*Task data*:
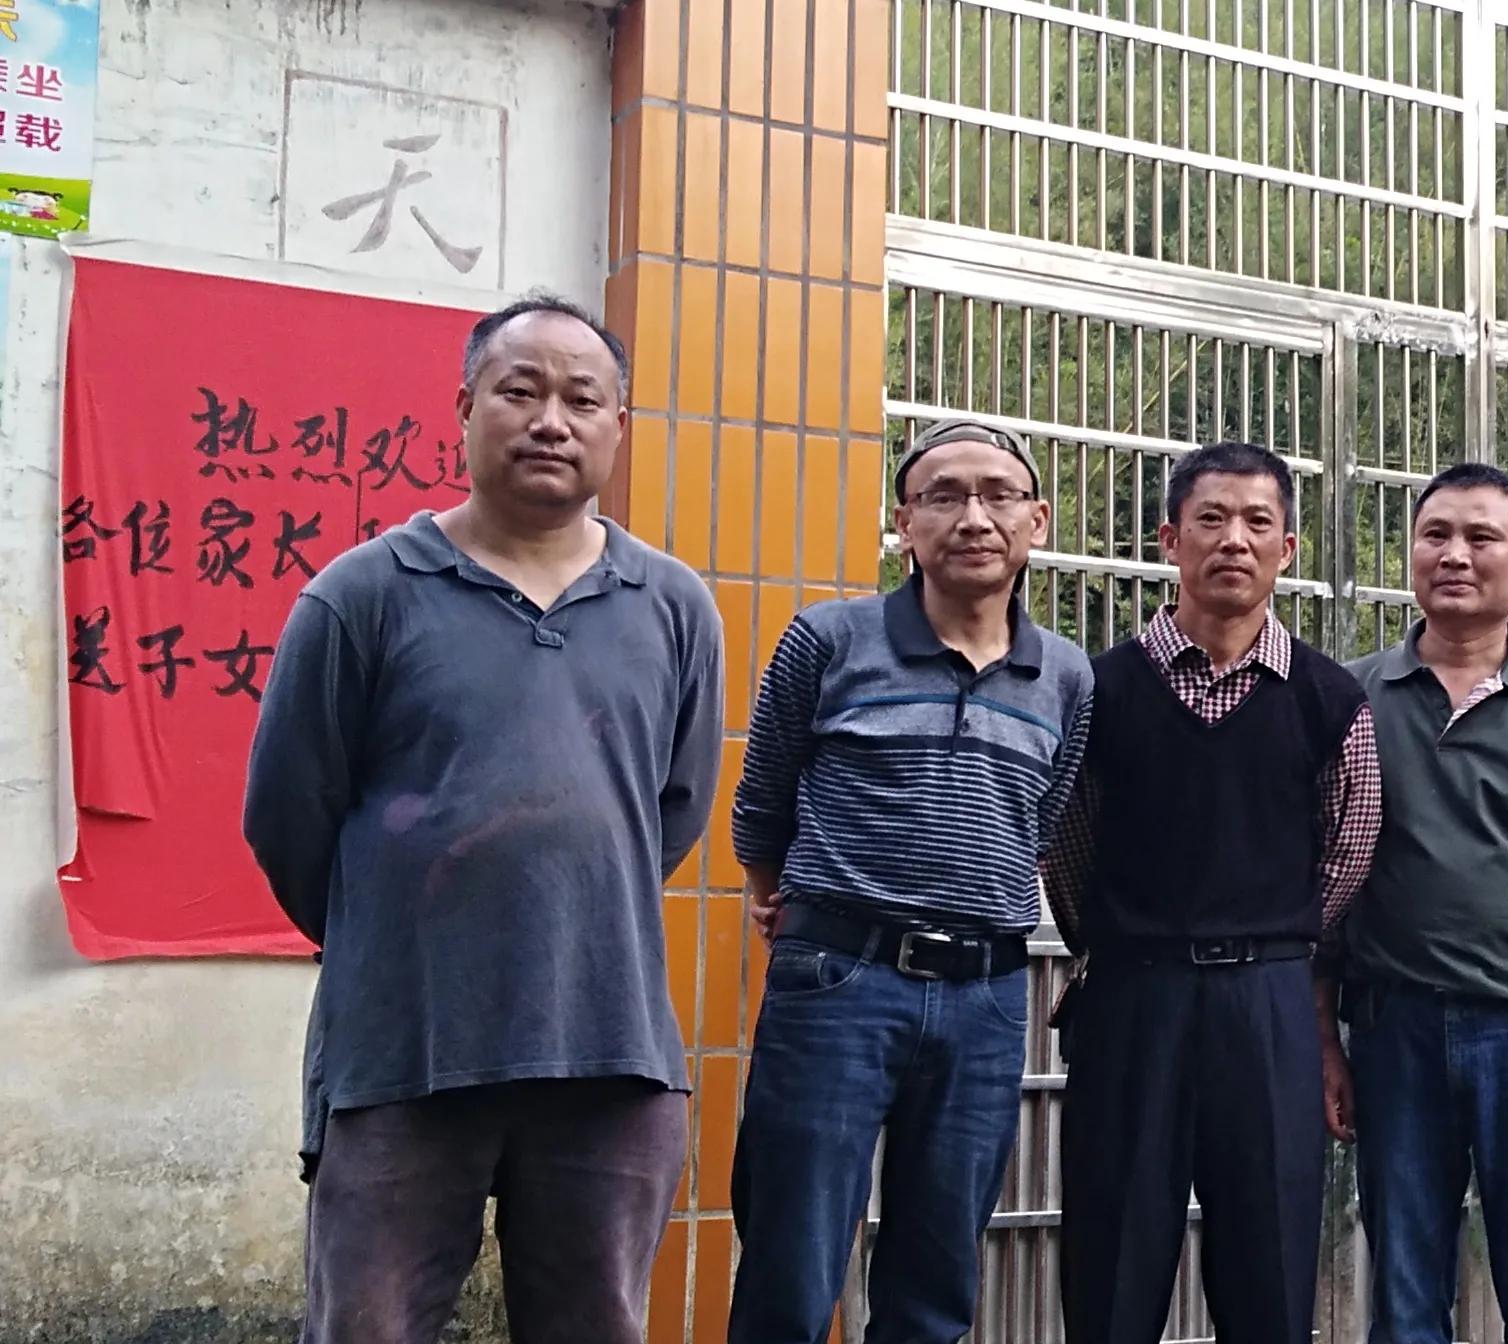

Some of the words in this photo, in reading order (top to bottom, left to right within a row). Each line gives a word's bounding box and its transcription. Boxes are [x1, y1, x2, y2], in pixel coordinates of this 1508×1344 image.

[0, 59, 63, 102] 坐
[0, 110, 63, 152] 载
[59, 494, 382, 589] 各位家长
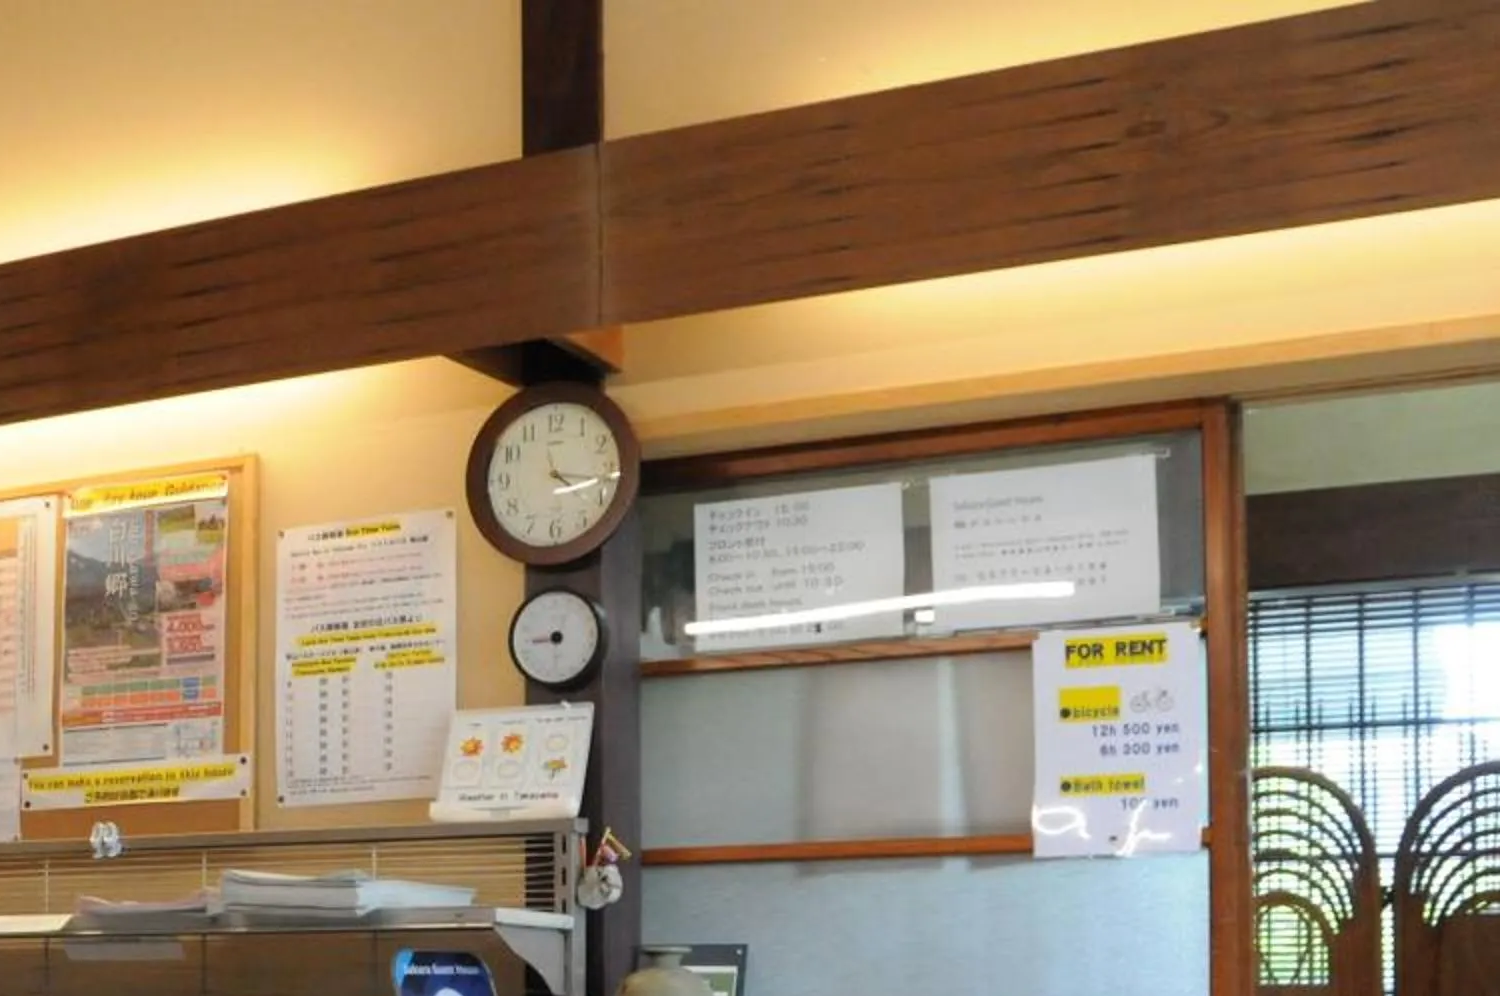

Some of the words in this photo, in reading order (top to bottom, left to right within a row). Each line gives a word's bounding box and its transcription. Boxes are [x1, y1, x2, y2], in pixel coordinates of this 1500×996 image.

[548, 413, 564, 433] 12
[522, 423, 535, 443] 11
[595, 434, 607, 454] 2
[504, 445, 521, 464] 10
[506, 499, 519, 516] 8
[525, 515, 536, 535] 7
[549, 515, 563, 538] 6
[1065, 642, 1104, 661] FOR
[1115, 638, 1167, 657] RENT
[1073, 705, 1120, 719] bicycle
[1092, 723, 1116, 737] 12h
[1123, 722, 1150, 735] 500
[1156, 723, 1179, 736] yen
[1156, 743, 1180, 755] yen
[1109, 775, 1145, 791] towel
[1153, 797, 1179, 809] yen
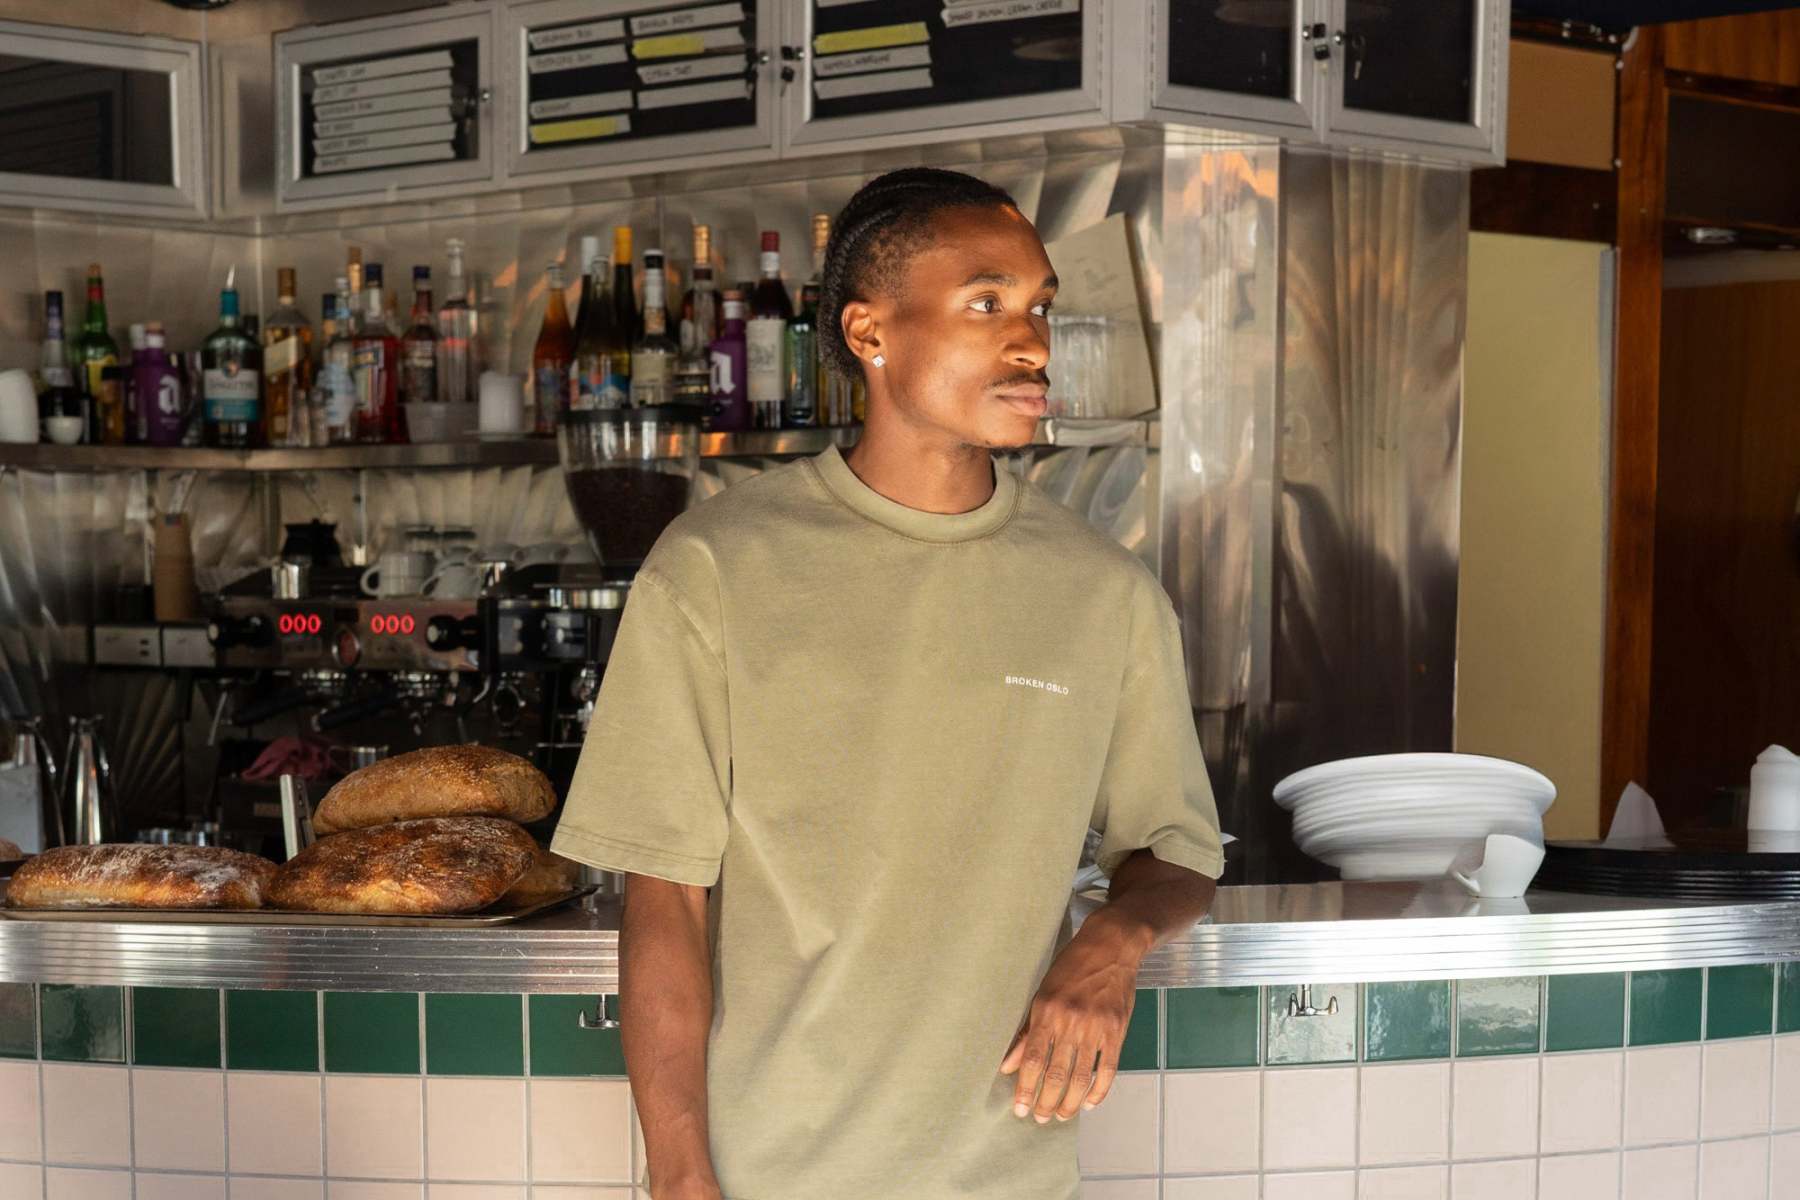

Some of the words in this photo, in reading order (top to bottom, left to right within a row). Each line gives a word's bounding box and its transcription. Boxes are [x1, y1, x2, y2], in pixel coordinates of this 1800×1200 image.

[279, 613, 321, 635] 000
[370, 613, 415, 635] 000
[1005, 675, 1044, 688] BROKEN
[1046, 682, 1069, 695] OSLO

*Exercise brief*:
The whole listing must be restated word for word. Leave out any pictures.

*Exercise result*:
Some of the words in this photo, in reading order (top to bottom, left to right within a row). Each line gives a word's bounding box and its transcription. Boxes are [x1, y1, x2, y2], in pixel coordinates of this 1508×1344 image.

[0, 59, 63, 102] 坐
[0, 110, 63, 152] 载
[59, 494, 382, 589] 各位家长

Some of the words in this photo, in reading order (top to bottom, left to right within a row). Each line gives a word's bounding box and its transcription. Boxes are [x1, y1, x2, y2], in pixel coordinates of this 1500×996 image.

[548, 413, 564, 433] 12
[522, 423, 535, 443] 11
[595, 434, 607, 454] 2
[504, 445, 521, 464] 10
[506, 499, 519, 516] 8
[525, 515, 536, 535] 7
[549, 515, 563, 538] 6
[1065, 642, 1104, 661] FOR
[1115, 638, 1167, 657] RENT
[1073, 705, 1120, 719] bicycle
[1092, 723, 1116, 737] 12h
[1123, 722, 1150, 735] 500
[1156, 723, 1179, 736] yen
[1156, 743, 1180, 755] yen
[1109, 775, 1145, 791] towel
[1153, 797, 1179, 809] yen

Some of the words in this photo, in reading order (top to bottom, left to right within a row). Each line gives a word's bounding box and its transcription. Boxes are [x1, y1, x2, y2], in pixel coordinates of this 1800×1200 image.

[279, 613, 321, 635] 000
[370, 613, 415, 635] 000
[1005, 675, 1044, 688] BROKEN
[1046, 682, 1069, 695] OSLO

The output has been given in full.